◆ **WORK INSTRUCTION**
Repeat every record exactly as written, but leave out the pictures.

=== Begin Enclosure ===

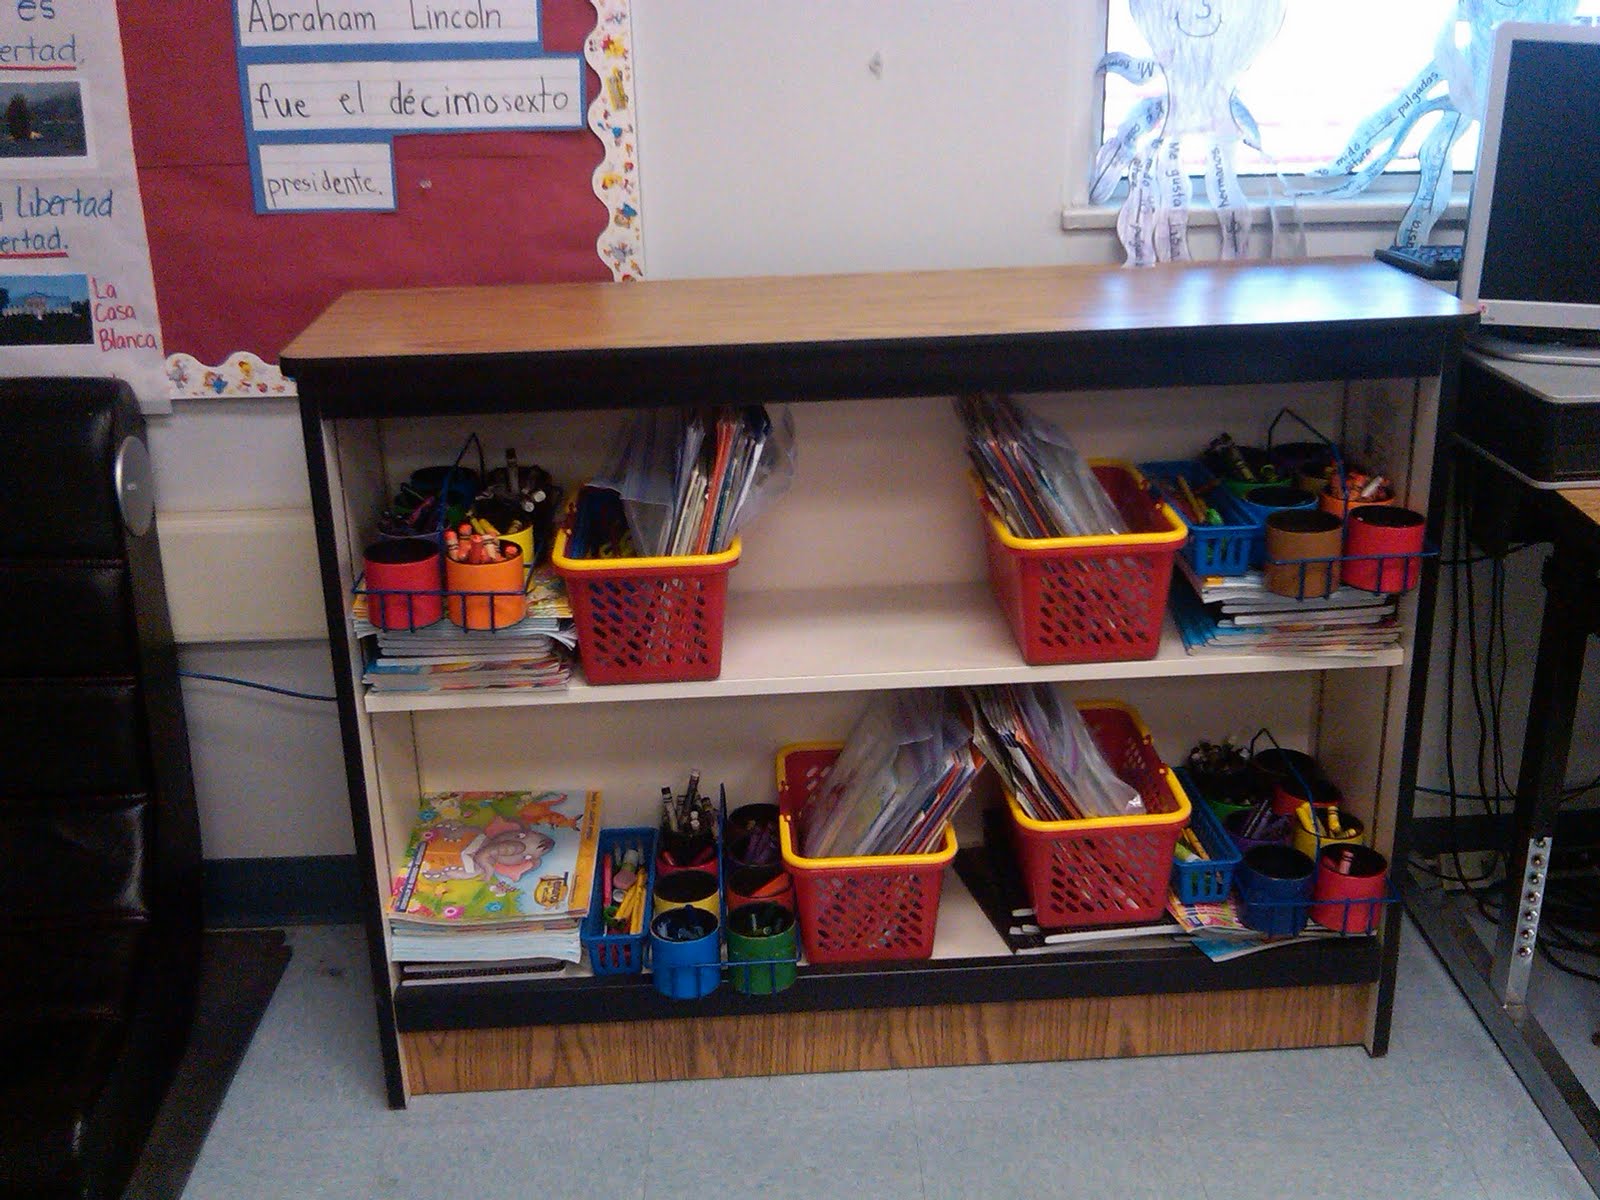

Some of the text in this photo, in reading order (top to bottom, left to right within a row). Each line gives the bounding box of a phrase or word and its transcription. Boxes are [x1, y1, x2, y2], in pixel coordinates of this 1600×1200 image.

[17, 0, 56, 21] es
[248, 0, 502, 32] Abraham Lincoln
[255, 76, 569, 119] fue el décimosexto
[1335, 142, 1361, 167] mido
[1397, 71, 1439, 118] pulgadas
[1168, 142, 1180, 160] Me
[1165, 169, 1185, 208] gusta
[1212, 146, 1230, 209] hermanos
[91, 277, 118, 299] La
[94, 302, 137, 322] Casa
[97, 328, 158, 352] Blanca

=== End Enclosure ===

◆ **ANSWER TO THIS PROBLEM**
Some of the text in this photo, in reading order (top to bottom, left to right within a row). Each line gives the bounding box of a phrase or word and its transcription. Boxes are [x1, y1, x2, y2], in pixel coordinates of this 1600×1200 image.

[17, 0, 56, 21] es
[248, 0, 502, 32] Abraham Lincoln
[255, 76, 569, 119] fue el décimosexto
[1335, 142, 1361, 167] mido
[1397, 71, 1439, 118] pulgadas
[1168, 142, 1180, 160] Me
[1165, 169, 1185, 208] gusta
[1212, 146, 1230, 209] hermanos
[91, 277, 118, 299] La
[94, 302, 137, 322] Casa
[97, 328, 158, 352] Blanca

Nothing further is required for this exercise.